§ Task to complete
Would you return every entry below exactly as written, without its images?

§ Records for the exercise

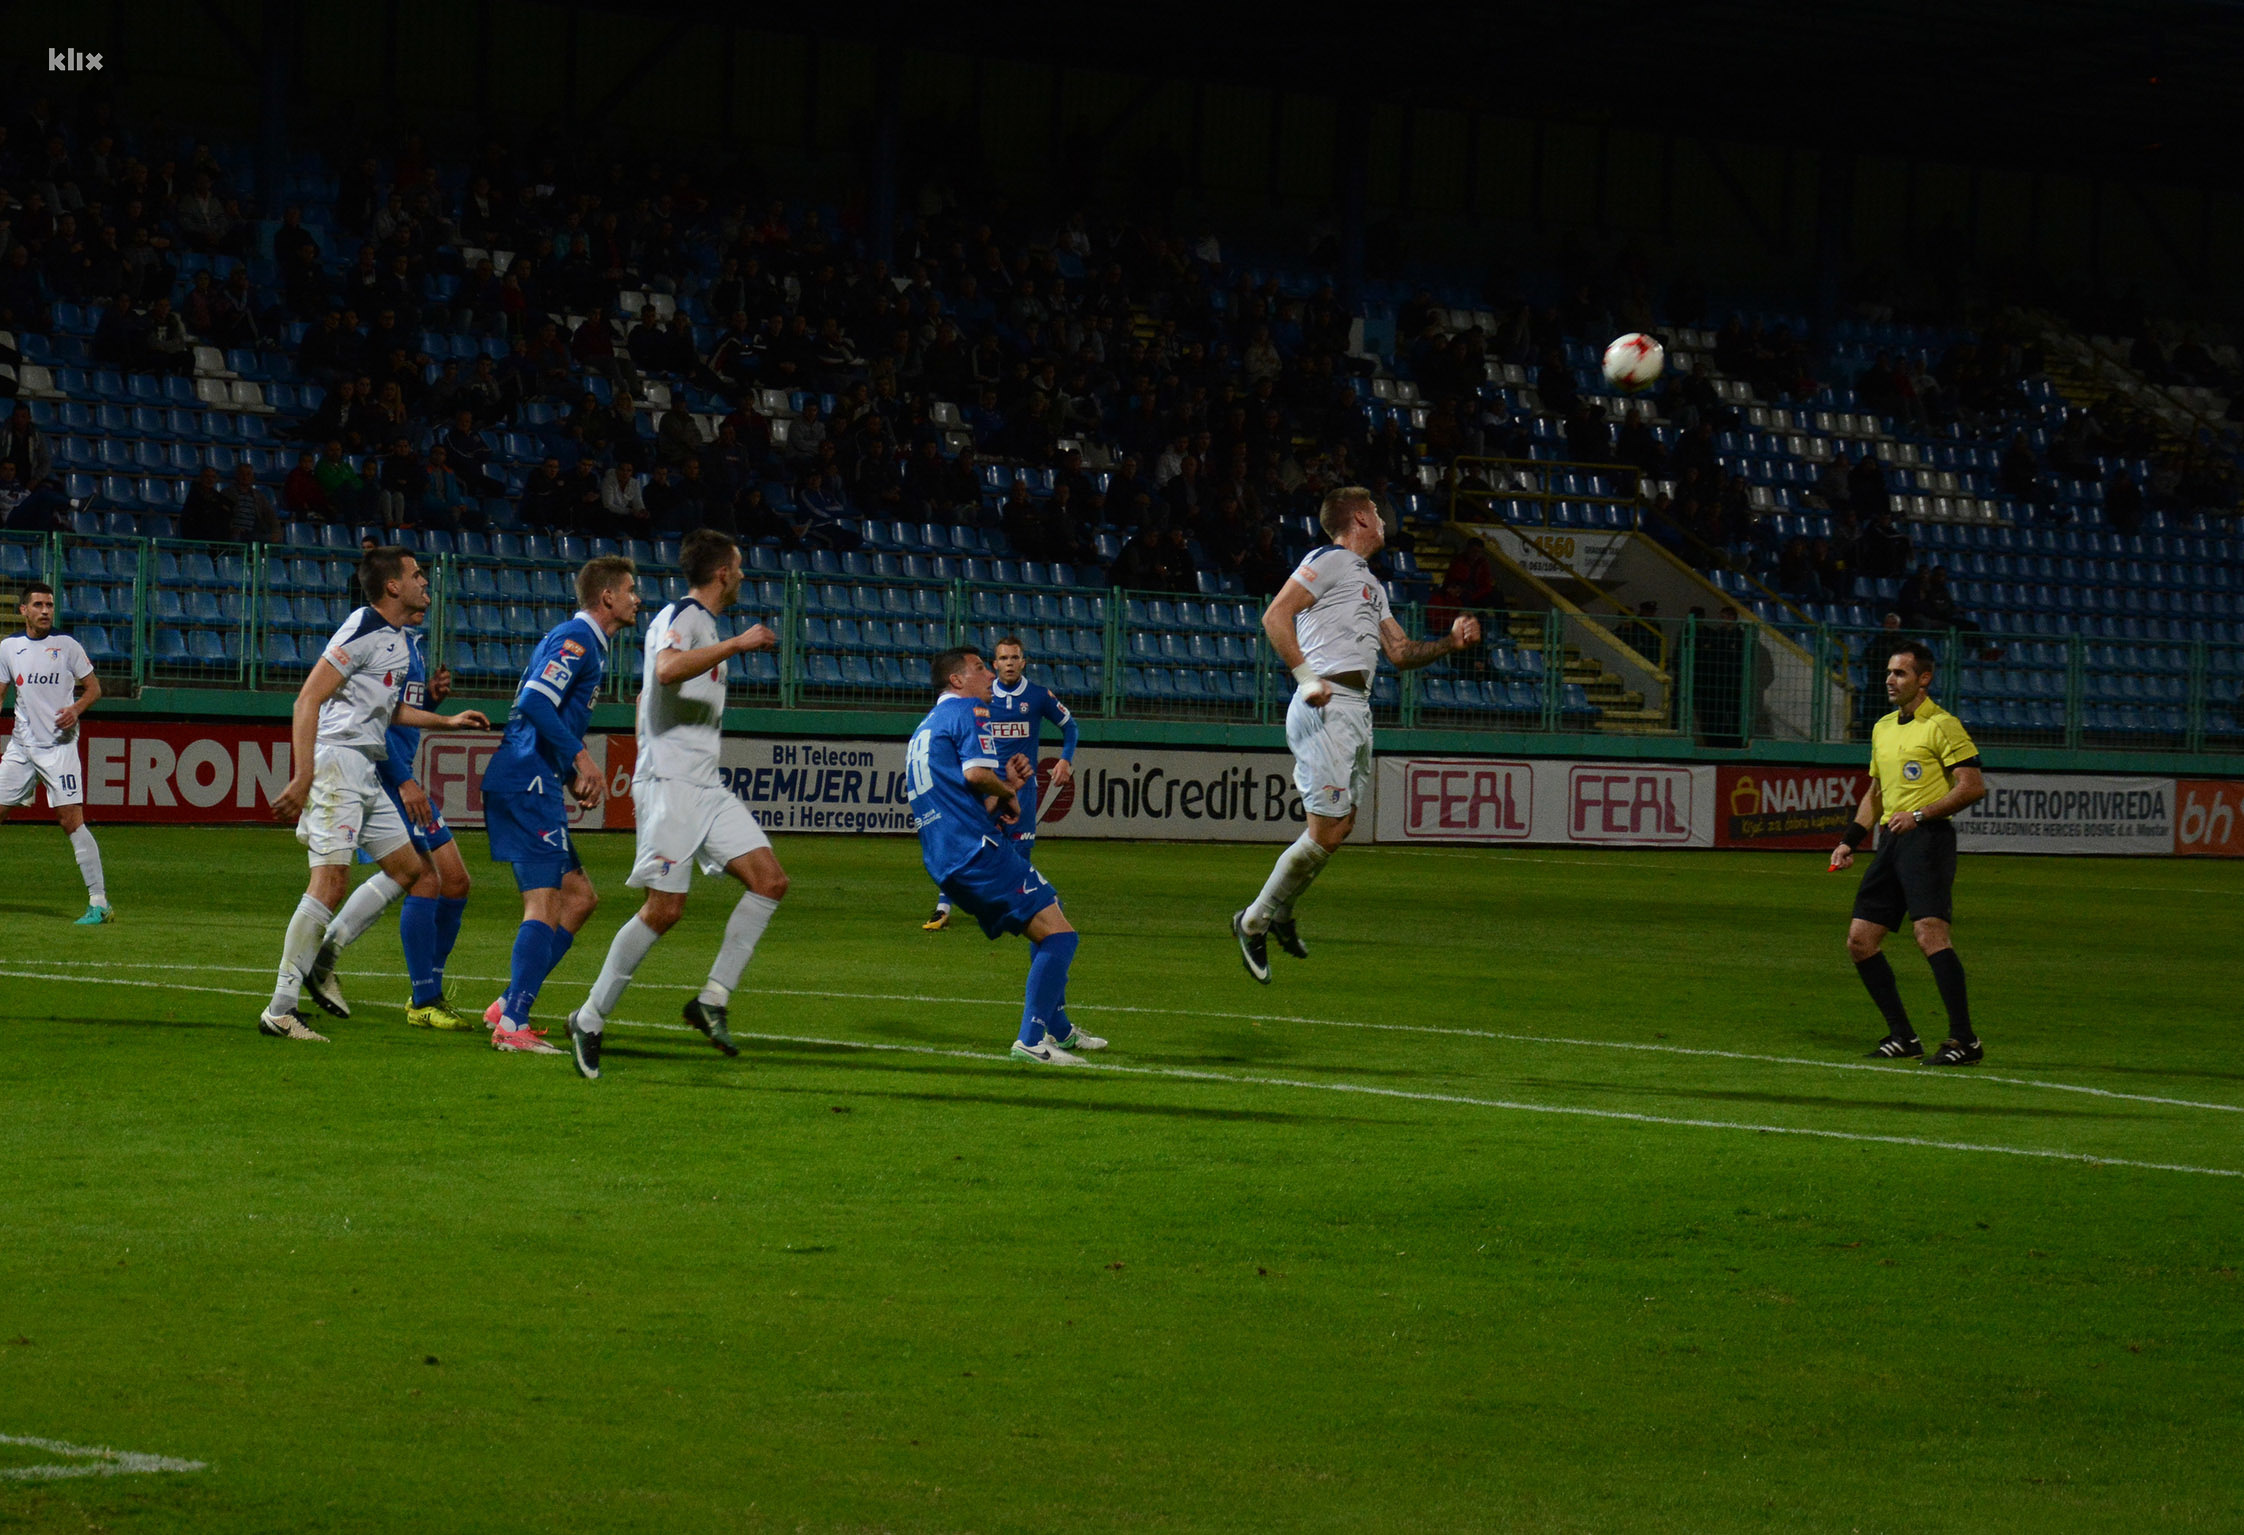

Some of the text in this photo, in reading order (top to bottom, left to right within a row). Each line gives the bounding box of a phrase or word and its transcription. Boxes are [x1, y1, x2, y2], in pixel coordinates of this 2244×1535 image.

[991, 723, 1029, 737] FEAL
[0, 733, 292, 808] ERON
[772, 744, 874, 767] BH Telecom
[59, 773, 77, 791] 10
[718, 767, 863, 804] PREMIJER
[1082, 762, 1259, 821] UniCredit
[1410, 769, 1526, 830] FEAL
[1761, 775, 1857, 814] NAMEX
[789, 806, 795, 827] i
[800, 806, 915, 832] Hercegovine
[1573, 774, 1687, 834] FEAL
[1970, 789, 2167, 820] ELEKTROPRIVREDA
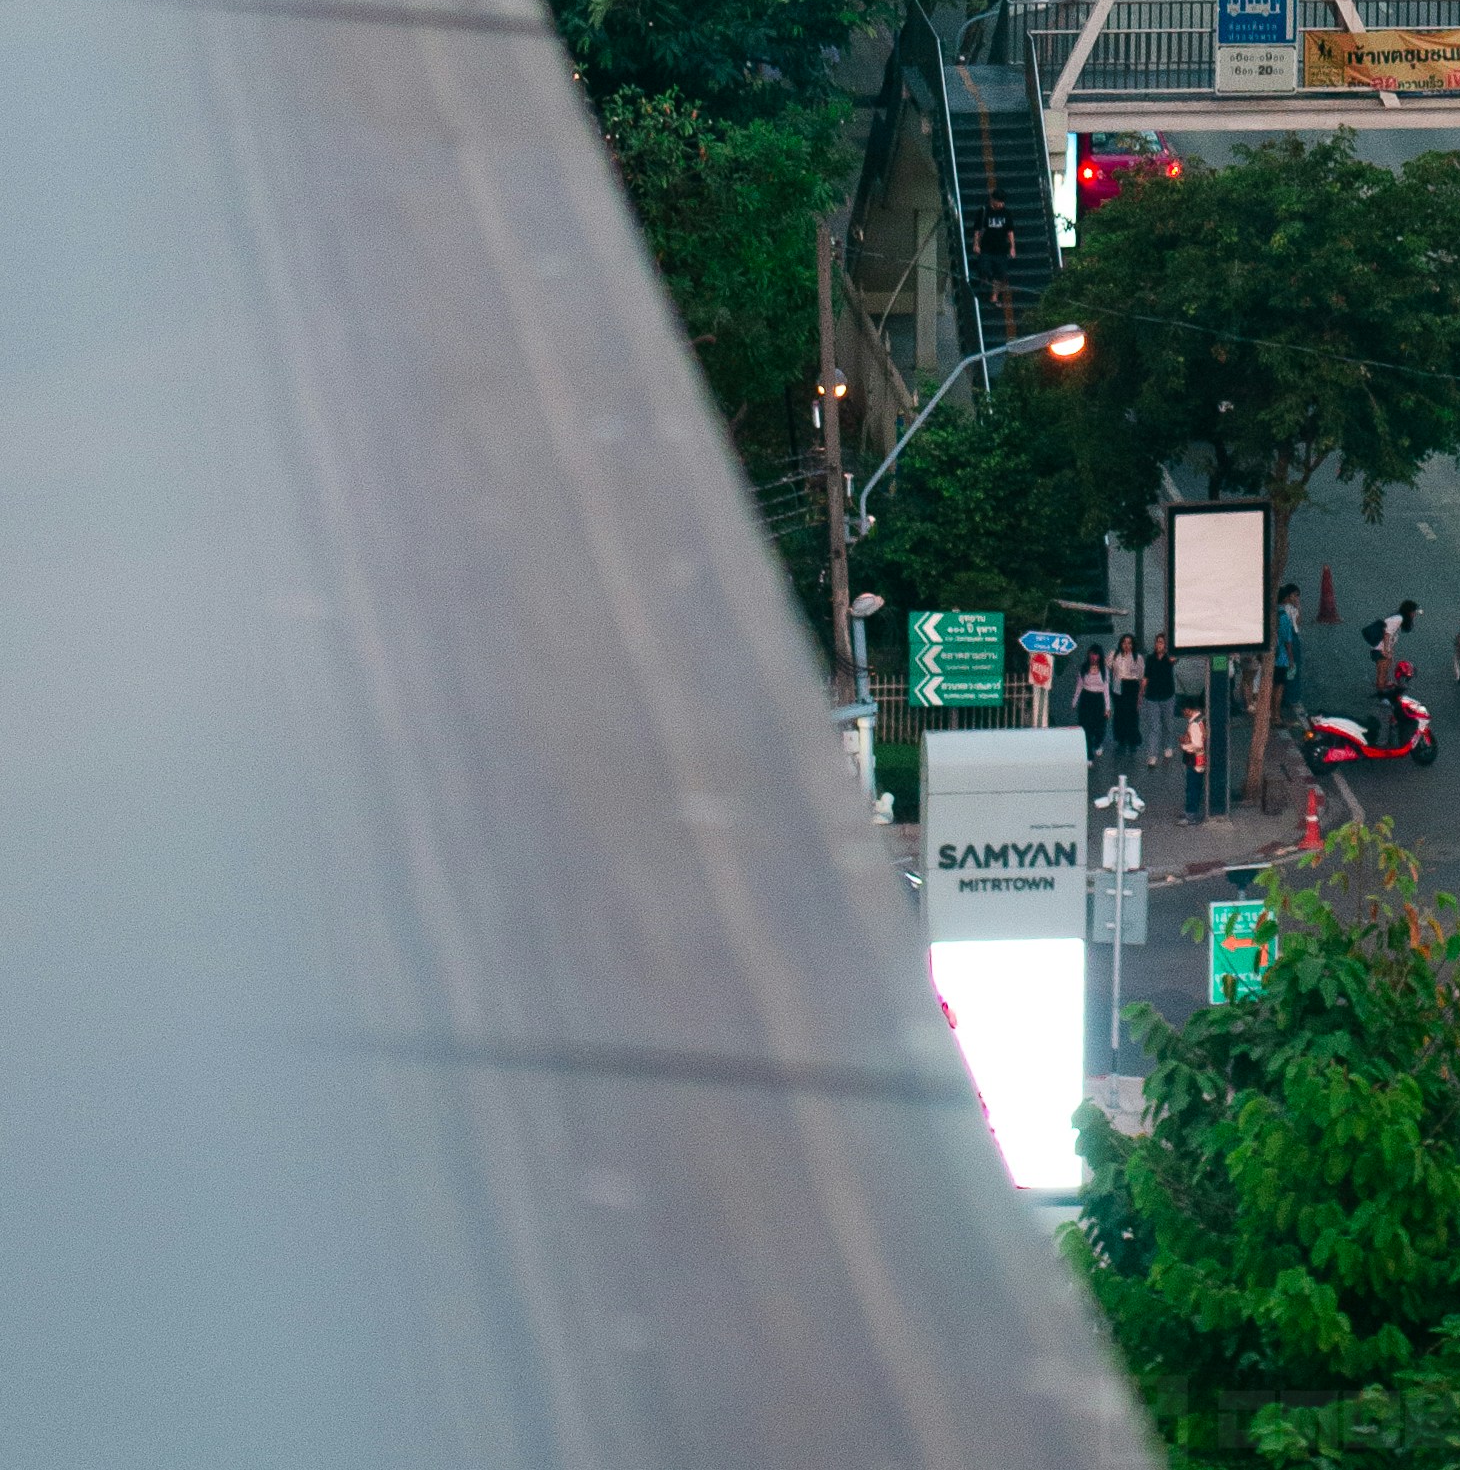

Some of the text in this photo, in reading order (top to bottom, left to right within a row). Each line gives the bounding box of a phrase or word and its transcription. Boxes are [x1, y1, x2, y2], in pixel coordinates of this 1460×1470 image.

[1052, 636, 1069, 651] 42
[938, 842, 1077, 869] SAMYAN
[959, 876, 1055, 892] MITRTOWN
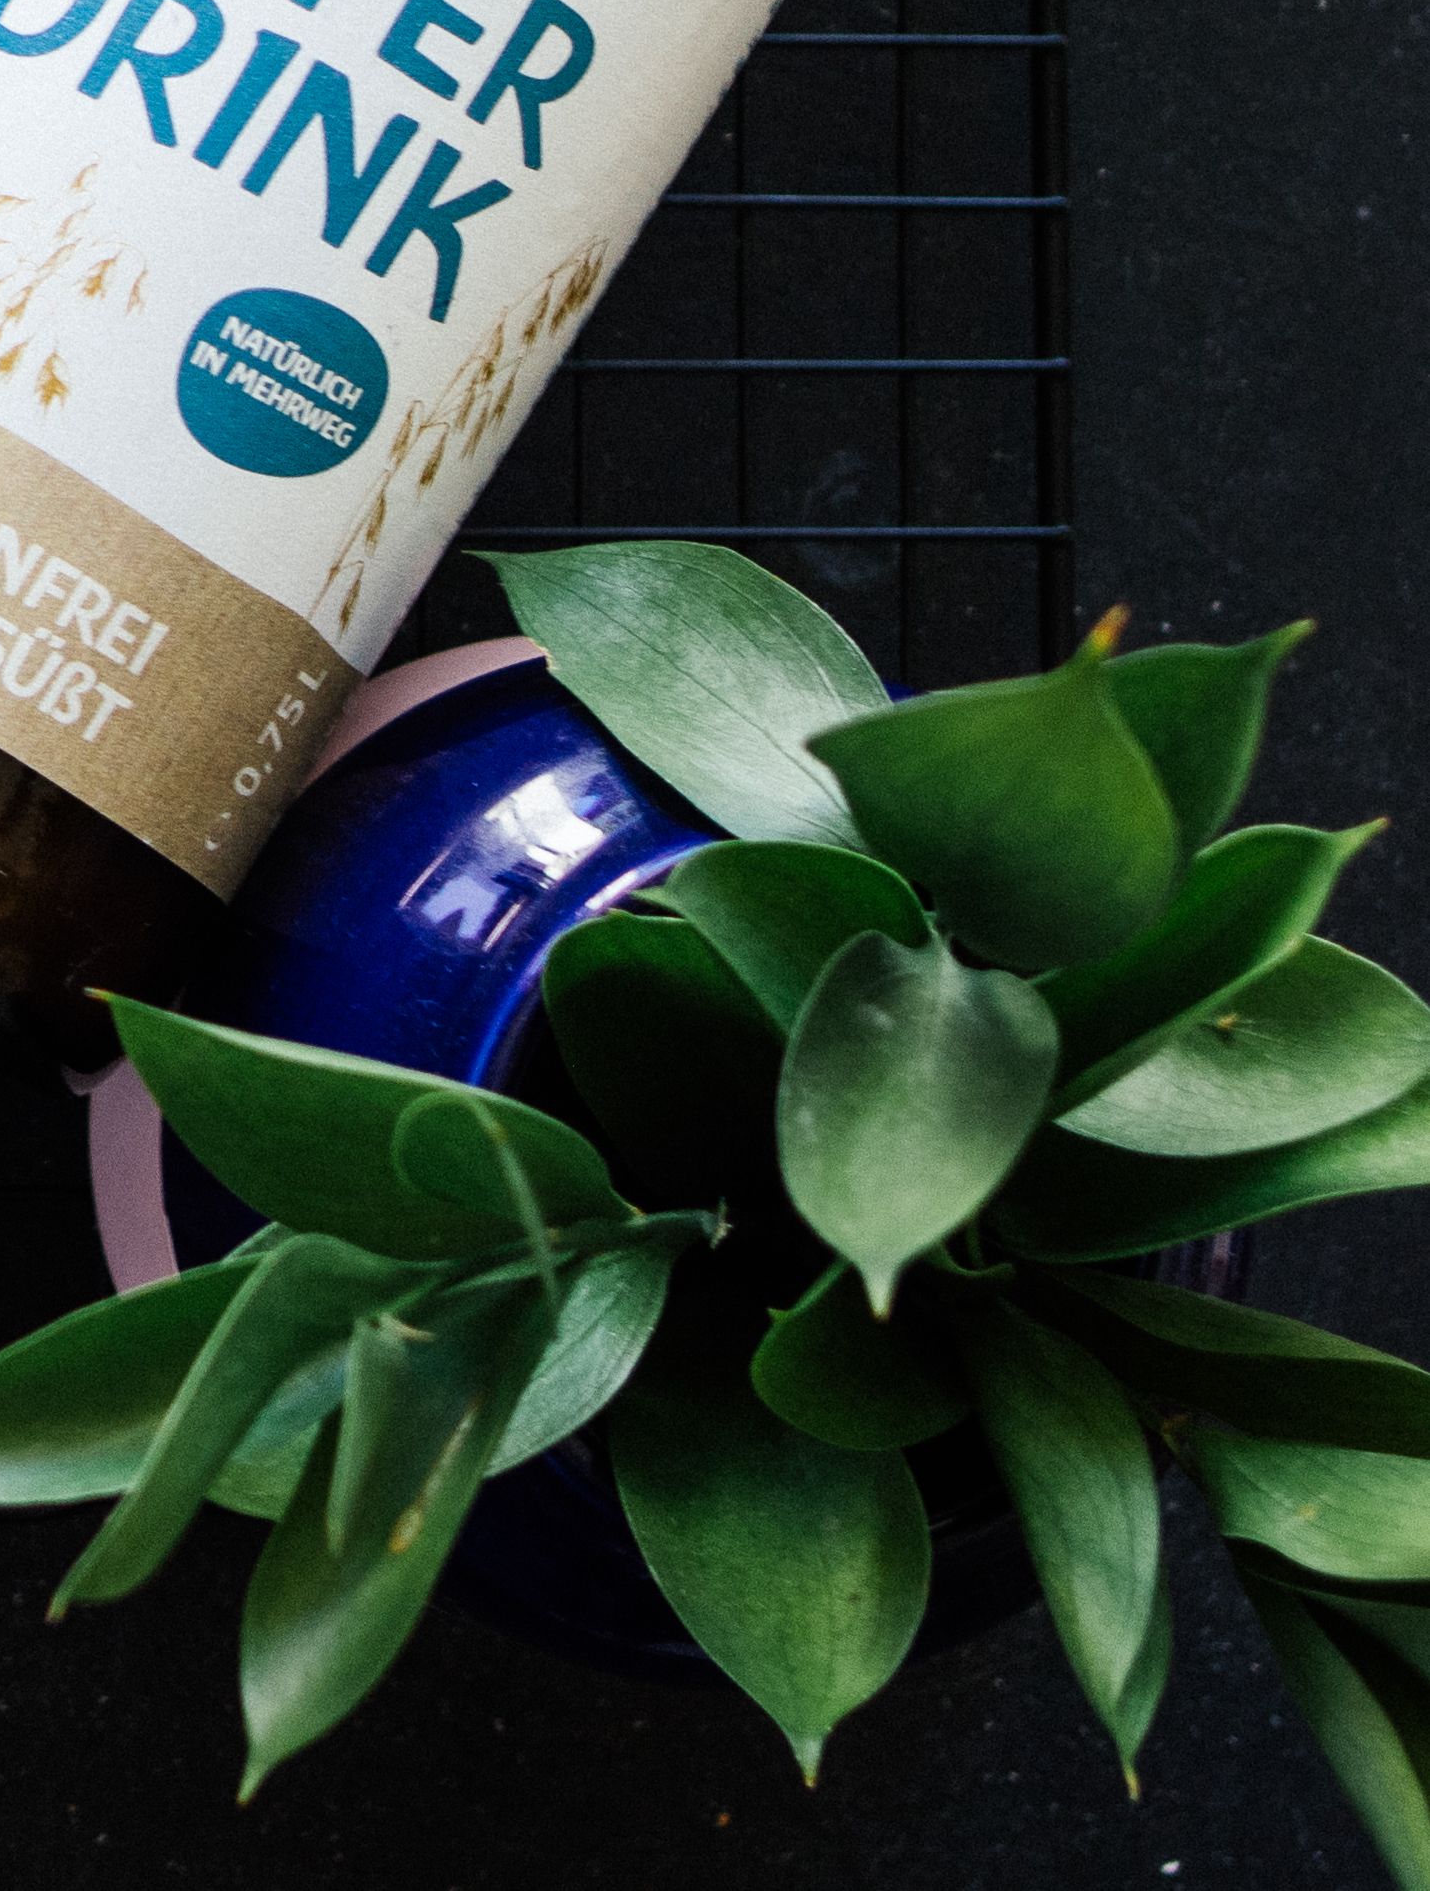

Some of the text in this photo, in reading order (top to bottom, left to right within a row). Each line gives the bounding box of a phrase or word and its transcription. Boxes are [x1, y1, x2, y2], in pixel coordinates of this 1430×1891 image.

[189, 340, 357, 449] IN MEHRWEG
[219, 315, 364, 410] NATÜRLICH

§ Exercise response
Some of the text in this photo, in reading order (top to bottom, left to right within a row). Each line gives the bounding box of a phrase or word and its transcription. Boxes are [x1, y1, x2, y2], in pixel coordinates of this 2244×1535 image.

[991, 723, 1029, 737] FEAL
[0, 733, 292, 808] ERON
[772, 744, 874, 767] BH Telecom
[59, 773, 77, 791] 10
[718, 767, 863, 804] PREMIJER
[1082, 762, 1259, 821] UniCredit
[1410, 769, 1526, 830] FEAL
[1761, 775, 1857, 814] NAMEX
[789, 806, 795, 827] i
[800, 806, 915, 832] Hercegovine
[1573, 774, 1687, 834] FEAL
[1970, 789, 2167, 820] ELEKTROPRIVREDA

Some of the text in this photo, in reading order (top to bottom, left to right within a row). Each line gives the bounding box of a phrase or word and its transcription. Boxes are [x1, y1, x2, y2], in pixel coordinates of this 1460×1470 image.

[1052, 636, 1069, 651] 42
[938, 842, 1077, 869] SAMYAN
[959, 876, 1055, 892] MITRTOWN

Some of the text in this photo, in reading order (top to bottom, left to right within a row). Each line gives the bounding box of a phrase or word and its transcription. Boxes are [x1, y1, x2, y2], in pixel coordinates of this 1430×1891 image.

[189, 340, 357, 449] IN MEHRWEG
[219, 315, 364, 410] NATÜRLICH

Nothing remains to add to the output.